Dead Spying Legislation Returns With Help From Big Business (Video)
The Cyber Intelligence Sharing and Protection Act failed after Edward Snowden’s revelations of mass government spying. But today it’s back, largely unchanged, and President Obama is expected to reverse his opposition to it.
The Cyber Intelligence Sharing and Protection Act failed after Edward Snowden’s revelations of mass government spying. But today it’s back, largely unchanged, as the Cybersecurity Information Sharing Act—and President Obama is expected to reverse his opposition to it.

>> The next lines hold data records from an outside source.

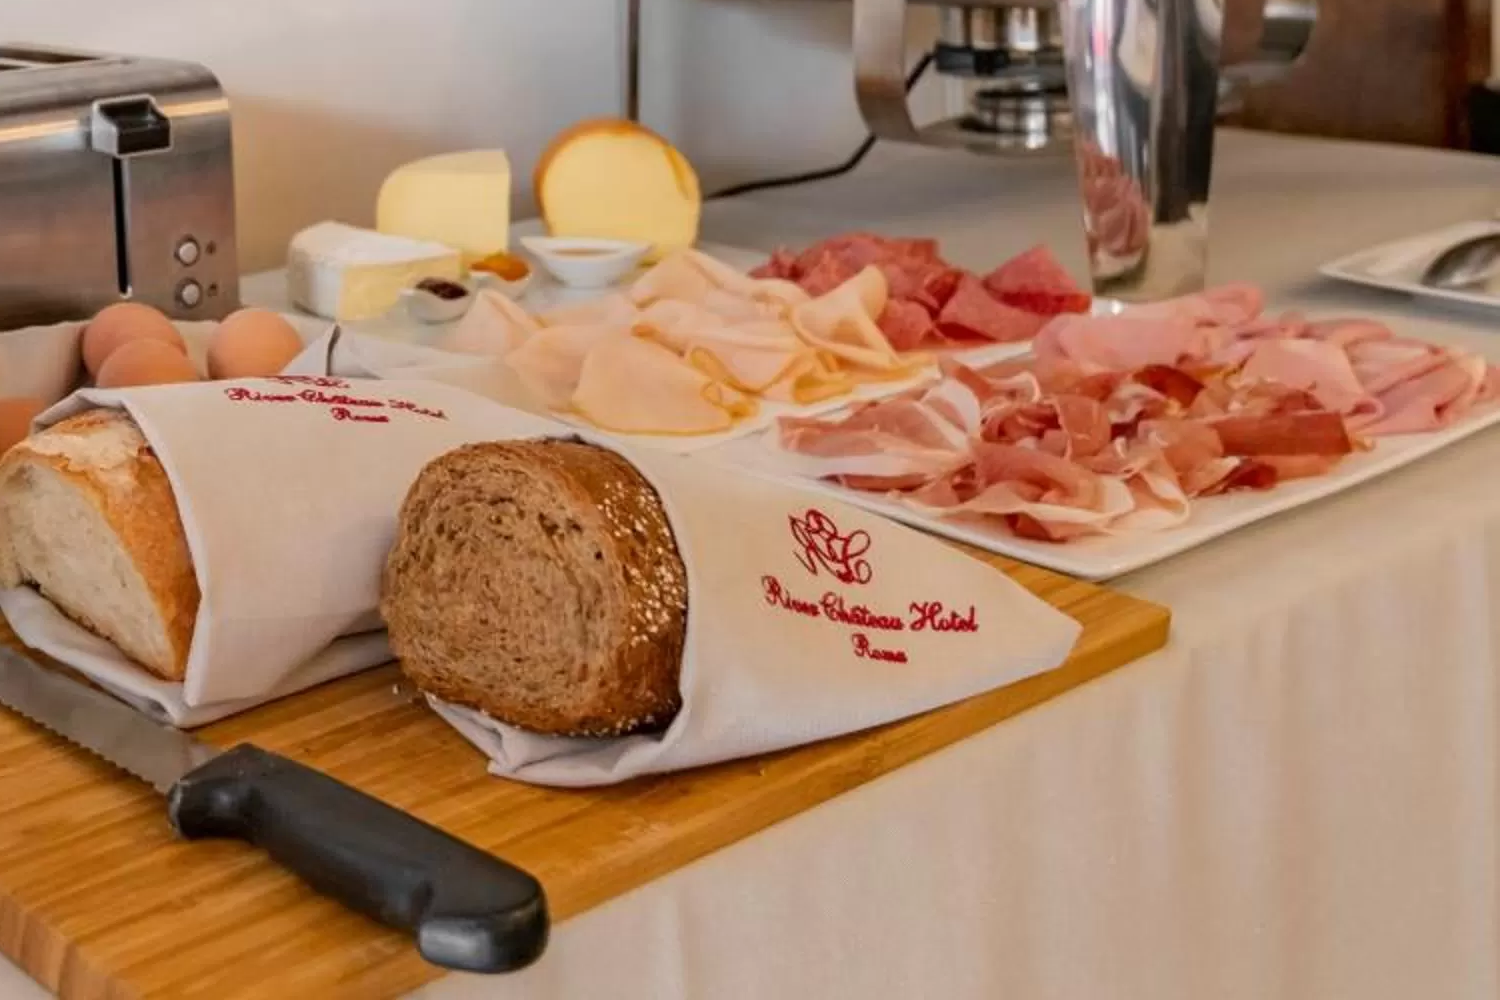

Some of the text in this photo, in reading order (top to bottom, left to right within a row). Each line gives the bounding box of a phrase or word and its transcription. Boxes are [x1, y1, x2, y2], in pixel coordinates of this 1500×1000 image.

[329, 406, 391, 423] Roma
[761, 575, 821, 618] River
[909, 601, 980, 633] Hotel
[851, 632, 909, 665] Roma
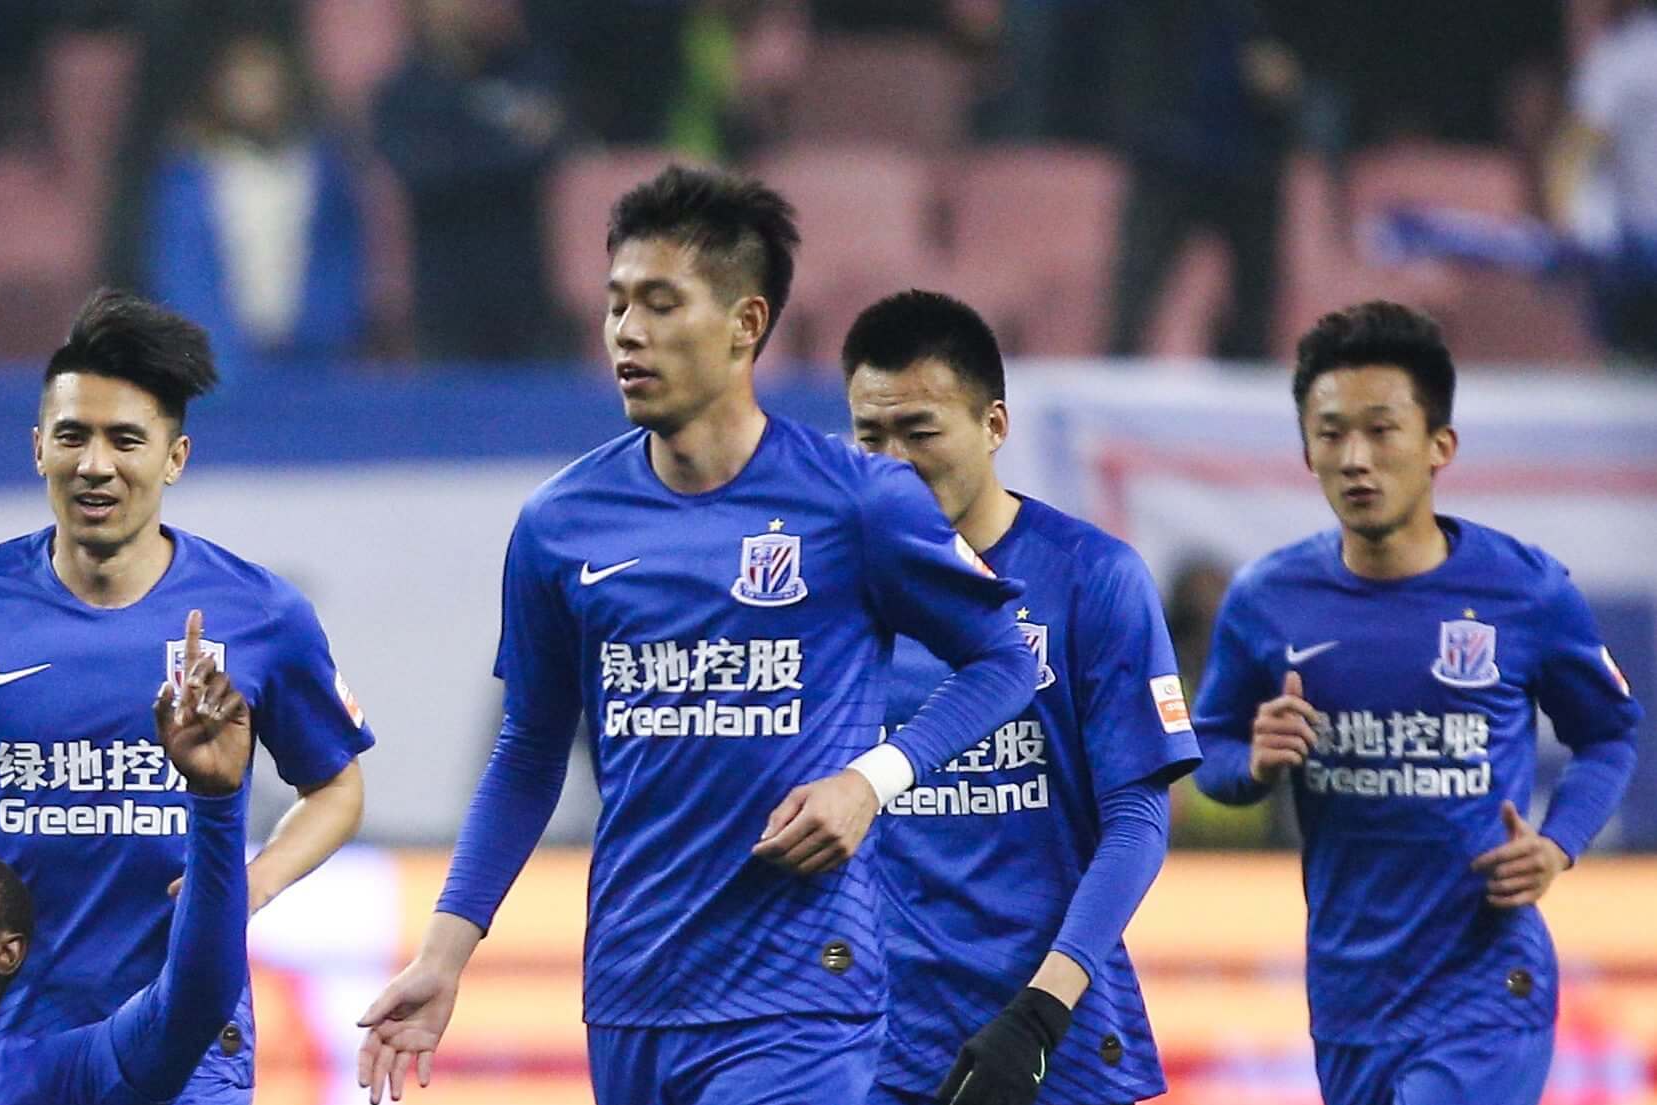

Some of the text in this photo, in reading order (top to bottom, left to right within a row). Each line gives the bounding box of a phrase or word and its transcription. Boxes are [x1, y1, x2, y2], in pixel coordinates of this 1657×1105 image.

[599, 637, 804, 694] 绿地控股
[604, 699, 802, 737] Greenland
[876, 774, 1049, 816] eenland
[1305, 759, 1492, 798] Greenland

Lee Fang reports at The Intercept:
For all its appeal to corporations, CISA represents a major new privacy threat to individual citizens. It lays the groundwork for corporations to feed massive amounts of communications to private consortiums and the federal government, a scale of cooperation even greater than that revealed by Snowden. The law also breaks new ground in suppressing pushback against privacy invasions; in exchange for channeling data to the government, businesses are granted broad legal immunity from privacy lawsuits — potentially leaving consumers without protection if companies break privacy promises that would otherwise keep information out of the hands of authorities.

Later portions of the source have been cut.